Paru dans Scolaire le dimanche 01 mars 2015.

Difficile combat que celui de Nouria Benghebrit, la ministre de l'Education algérienne, qui tente de réformer un secteur en déliquescence, paralysé par les grèves et un enseignement de qualité médiocre. ToutEduc propose une synthèse de la situation avant la réunion, demain lundi 2 mars, d'une réunion qui pourrait être décisive. Arrivée au gouvernement en mai 2014, cette spécialiste en sociologie de l'éducation fait face à des mouvements de grève répétés depuis fin janvier, alors qu'elle cherche un terrain d'entente avec les syndicats pour une réforme des statuts des travailleurs de l'éducation.

"Nous ne pouvons pas ouvrir le dossier du statut particulier des enseignants en l'absence de stabilité et de sérénité dans le secteur", a déclaré Nouria Benghebrit (ici), après l'échec de la "réunion de la dernière chance" avec les syndicats le 18 février. Les deux parties sont pourtant d'accord : il faut modifier les statuts révisés en 2012, qui présentent de nombreux écueils, les syndicats plaidant notamment pour une augmentation des salaires. Mais la ministre entend ouvrir les négociations après la signature d'une charte d'éthique, afin d'éviter des grèves à répétition, ce que refusent les syndicats pour qui la grève est la seule arme dont ils disposent afin de peser dans le dialogue avec le gouvernement.

Ce n'est pas le premier obstacle que rencontre Mme Benghebrit. Dès sa prise de fonction, la ministre a dû faire face à de violentes critiques, notamment sur ses prétendues origines juives. Des attaques qui ne l'ont pas empêchée d'afficher d'ambitieux objectifs, avec pour tryptique de base "la refonte pédagogique, la professionalisation de l’ensemble des acteurs de l’éducation nationale et la bonne gouvernance". Elle espère ainsi généraliser le préscolaire d'ici 2018, atteindre 70% de réussite au bac en 2015 (contre 45,01% seulement en 2014) et ramener les effectifs à 25 élèves par classe en 2025. 

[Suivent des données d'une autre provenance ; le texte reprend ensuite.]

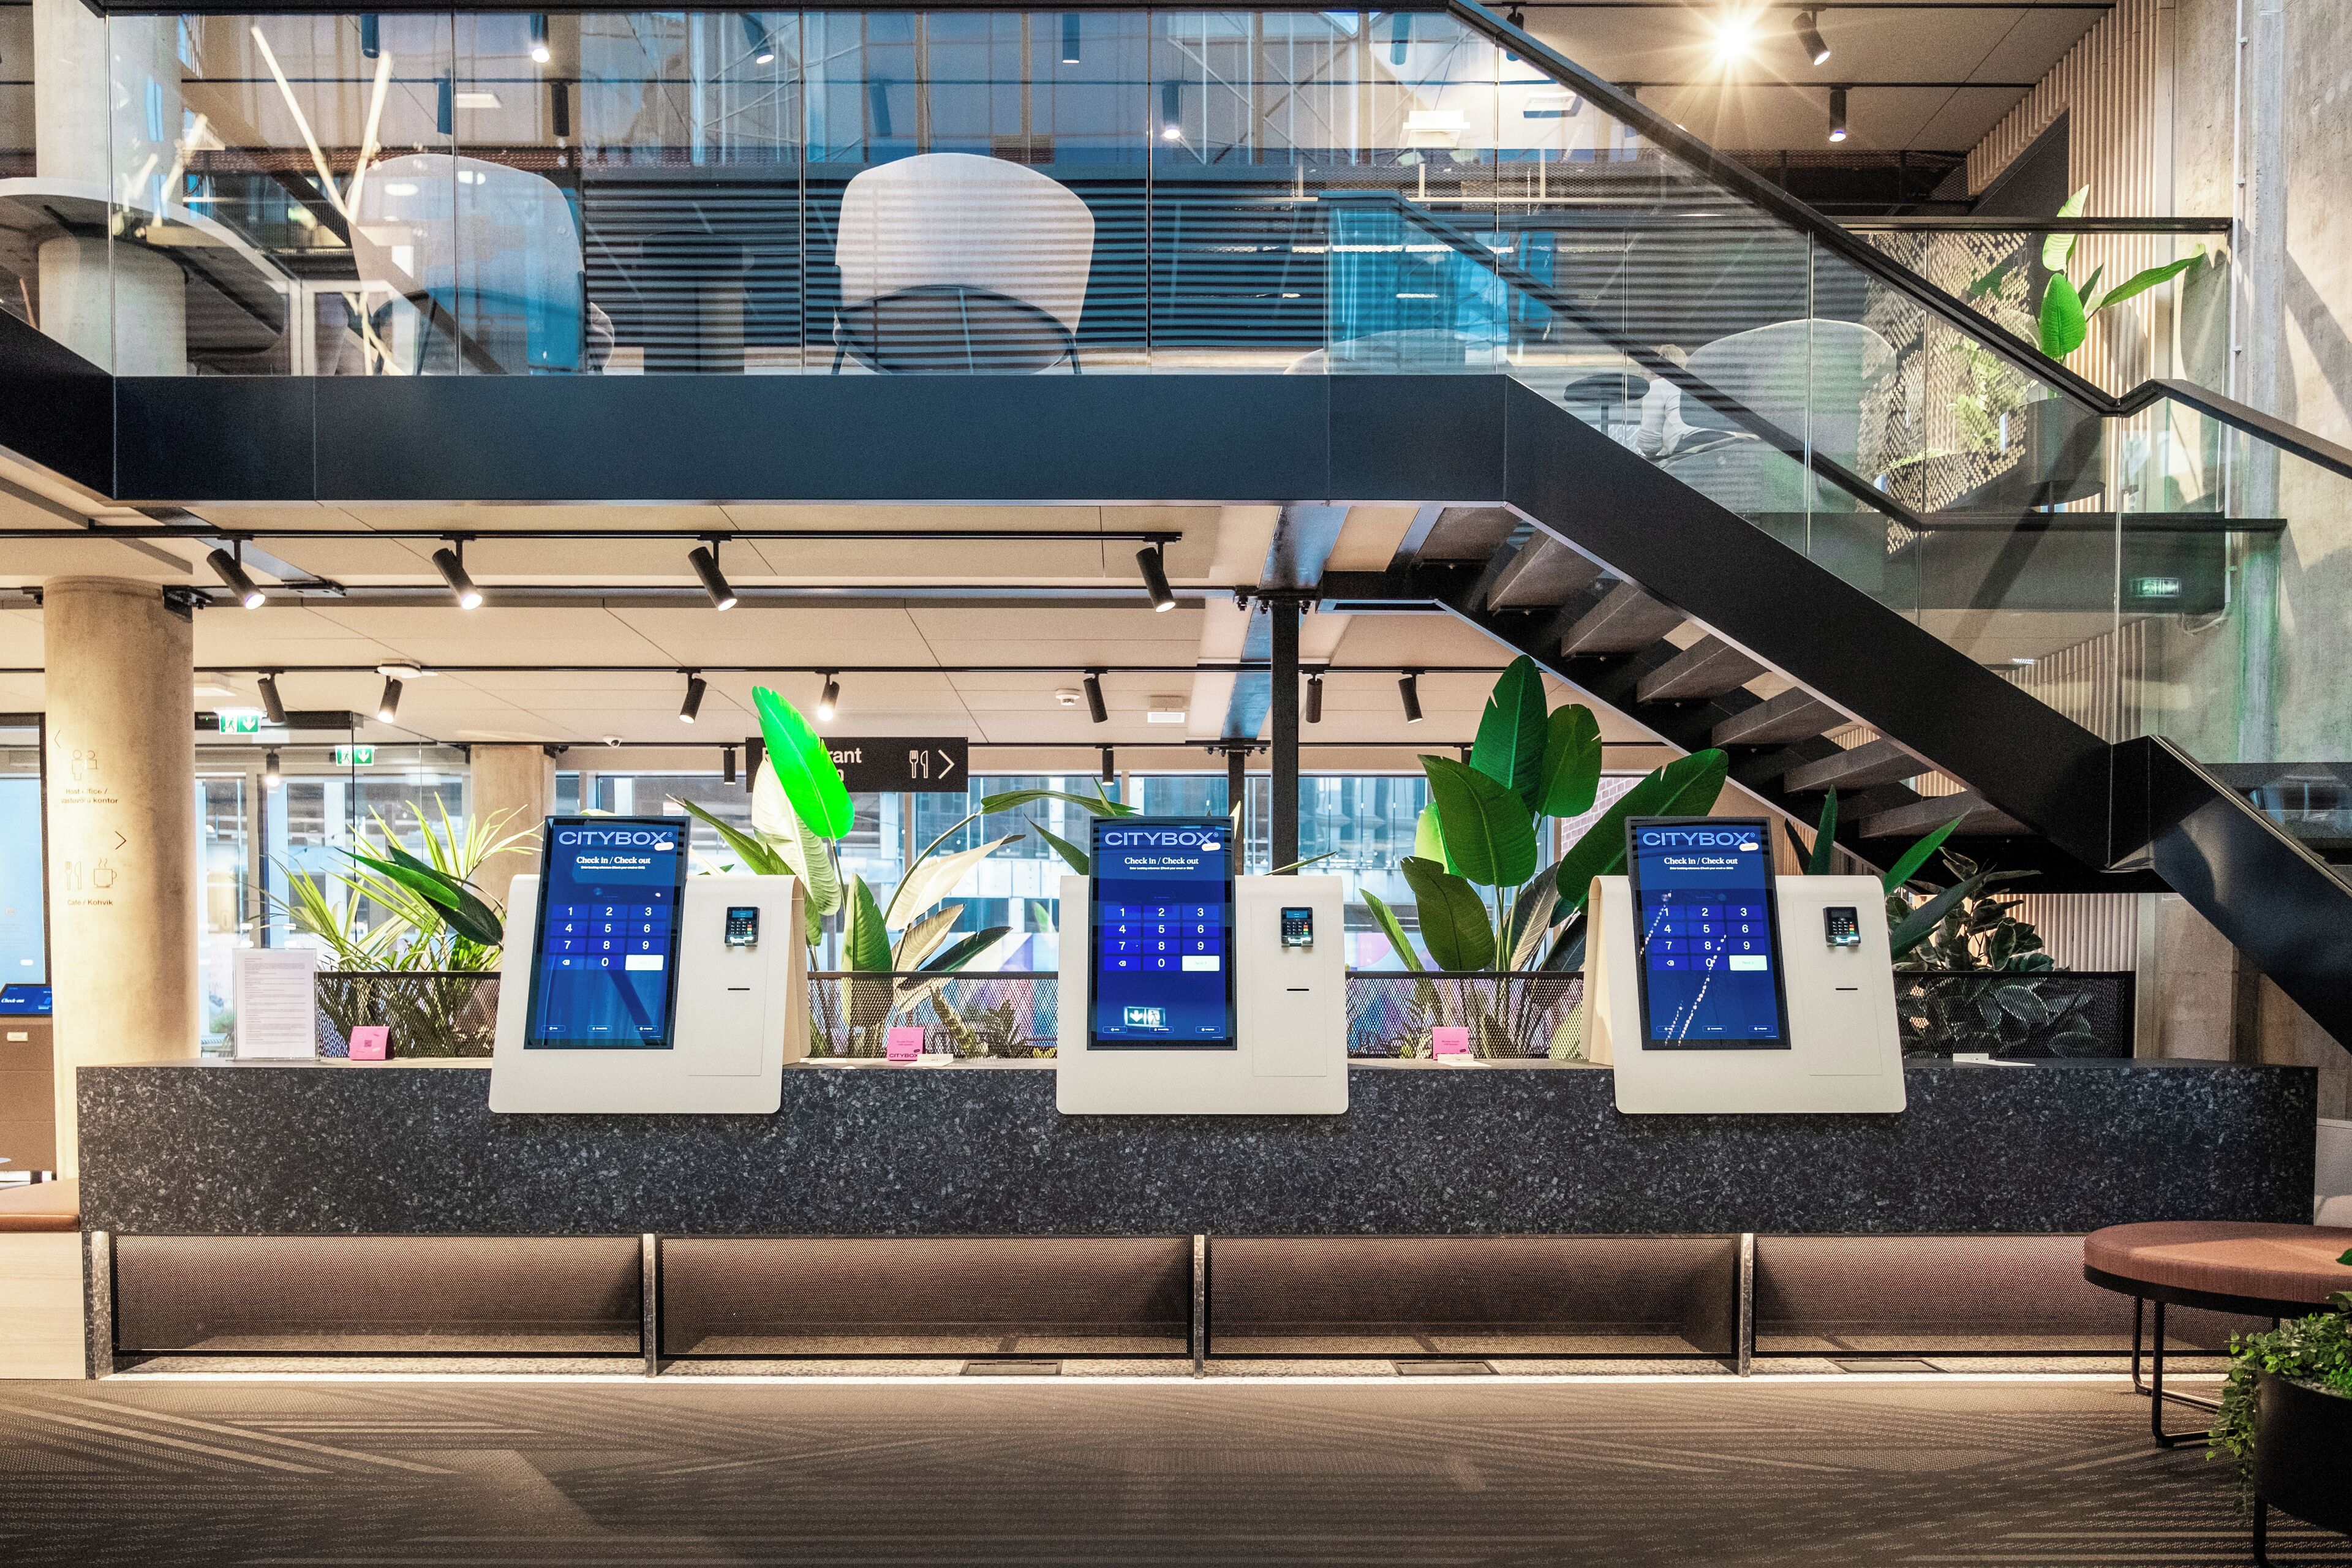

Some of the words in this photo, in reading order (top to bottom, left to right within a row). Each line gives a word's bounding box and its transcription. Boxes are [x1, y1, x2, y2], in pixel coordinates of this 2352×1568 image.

[568, 907, 573, 916] 1
[605, 907, 613, 916] 2
[644, 907, 652, 916] 3
[1120, 908, 1125, 917] 1
[1158, 907, 1165, 917] 2
[1197, 907, 1204, 917] 3
[1664, 908, 1668, 916] 1
[1702, 907, 1709, 916] 2
[1740, 907, 1747, 916] 3
[565, 923, 573, 933] 4
[604, 924, 612, 933] 5
[643, 924, 650, 933] 6
[1118, 924, 1126, 934] 4
[1158, 924, 1165, 933] 5
[1197, 924, 1204, 933] 6
[1664, 924, 1672, 933] 4
[1703, 924, 1710, 933] 5
[1741, 924, 1749, 933] 6
[564, 940, 571, 949] 7
[603, 940, 610, 950] 8
[642, 940, 649, 950] 9
[1118, 941, 1126, 951] 7
[1158, 941, 1165, 951] 8
[1197, 941, 1204, 951] 9
[1665, 941, 1672, 950] 7
[1704, 941, 1711, 950] 8
[1743, 941, 1751, 950] 9
[601, 957, 609, 967] 0
[1158, 958, 1165, 968] 0
[1705, 958, 1713, 967] 0

Sur le plan pédagogique, elle a notamment annoncé que 70 000 enseignants, tous cycles confondus, bénéficieraient d'une formation à partir de juin prochain. Outre le développement d'activités périscolaires culturelles et sportives, elle a poussé à la suppression de la deuxième session de l'examen de fin de cycle primaire, toujours en vigueur en Algérie, ou encore l'ouverture de classes spéciales pour les recalés au baccalauréat. La ministre prône également la généralisation de l'enseignement du tamazight, la langue des Berbères (ici).

Un secteur dévasté, malgré des investissements financiers

Un volontarisme qui risque pourtant de ne pas suffire. Début février, un rapport de l'ONU a sévèrement épinglé l'Algérie pour la mauvaise qualité de son enseignement. Le gouvernement algérien "doit de toute urgence répondre à l'impératif de la qualité de l'éducation, en réhaussant le niveau des acquisitions scolaires et la pertinence de l'enseignement", a déclaré Kishore Singh, rapporteur spécial des Nations-Unies sur le droit à l'éducation. "Le gouvernement doit apporter des solutions aux problèmes du redoublement, de l'abandon scolaire et de la surcharge dans les écoles", selon lui.

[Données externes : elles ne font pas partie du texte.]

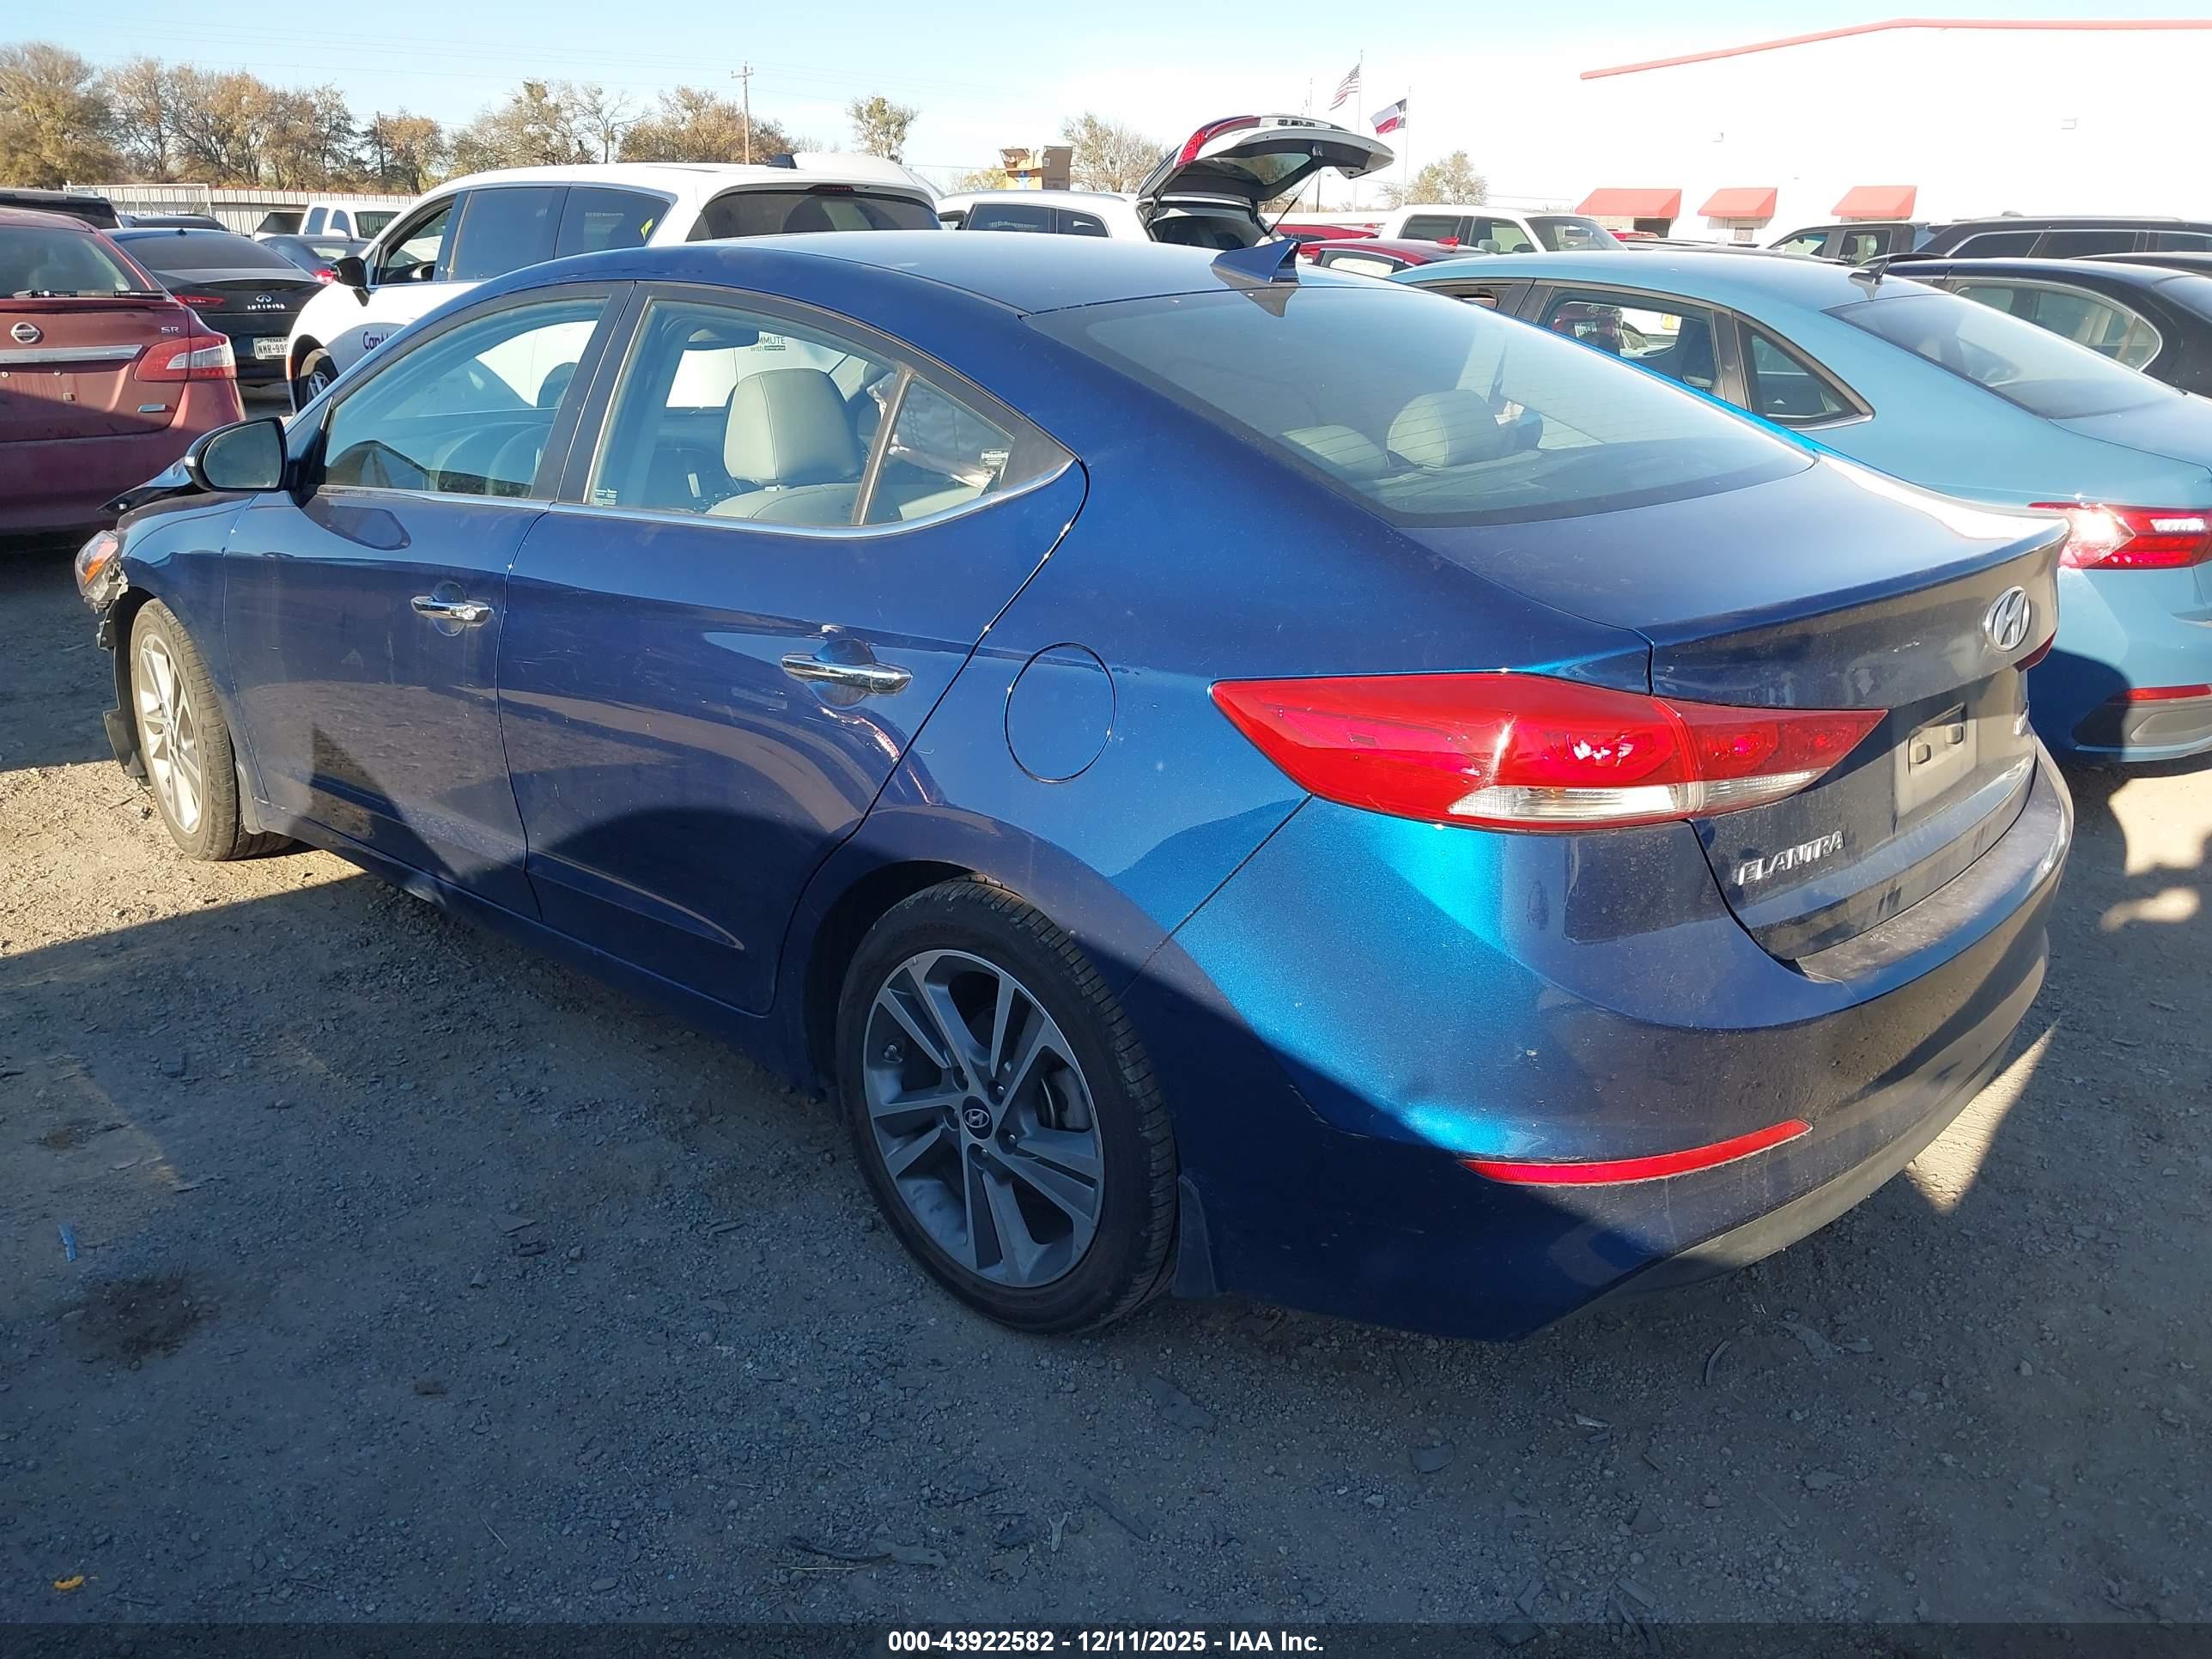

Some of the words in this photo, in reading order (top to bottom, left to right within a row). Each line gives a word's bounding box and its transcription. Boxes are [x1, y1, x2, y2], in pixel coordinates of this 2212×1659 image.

Pourtant, dans le pays, le taux de scolarisation s'élève à 97% et l'Education nationale est le deuxième poste de dépense après la Défense, avec 10 milliards d'euros qui devraient être investis cette année. Mais les enseignants se recrutent souvent chez de jeunes chômeurs, qui sont là faute de mieux : le métier, sous-payé, a perdu le prestige dont il jouissait jusque dans les années 80, avec des salaires corrects et les avantages liés à la fonction, comme le logement. Pour arrondir leurs fins de mois, beaucoup donnent des cours particuliers, développant un véritable système parallèle : l'école ne prodigant plus les enseignements fondamentaux, seule une partie des élèves, qui peut se payer des leçons privées, acquiert les connaissances suffisantes pour obtenir le baccalauréat. Enfin, les grèves récurrentes paralysent le secteur : dans un édito publié par le journal el Watan le 9 décembre (ici), Tayeb Belghiche explique ainsi que les élèves algériens ont 25 semaines de cours par an contre 36 pour les pays les plus pauvres et 40 pour les plus riches. "Jusqu'à ce jour, les élèves arrivent en terminale avec un niveau catastrophique", note-t-il. "La preuve : il n'y a plus d'étudiants algériens dans les grandes écoles françaises, alors qu'ils sont des centaines répartis entre Tunisiens et Marocains".

Ce lundi, une commission mixte devrait réexaminer les statuts des enseignants. Beaucoup espèrent que le bras de fer entre la ministre et les syndicats finira par se résoudre, certains éditorialistes en appelant même aux parents pour jouer les arbitres dans ce dossier, exigeant notamment l'arrêt des grèves. Mais la déliquescence du secteur est telle que sa réforme prendra sûrement des années. 

« Retour


Vous ne connaissez pas ToutEduc ?

Utilisez notre abonnement découverte gratuit et accédez durant 1 mois à toute l'information des professionnels de l'éducation.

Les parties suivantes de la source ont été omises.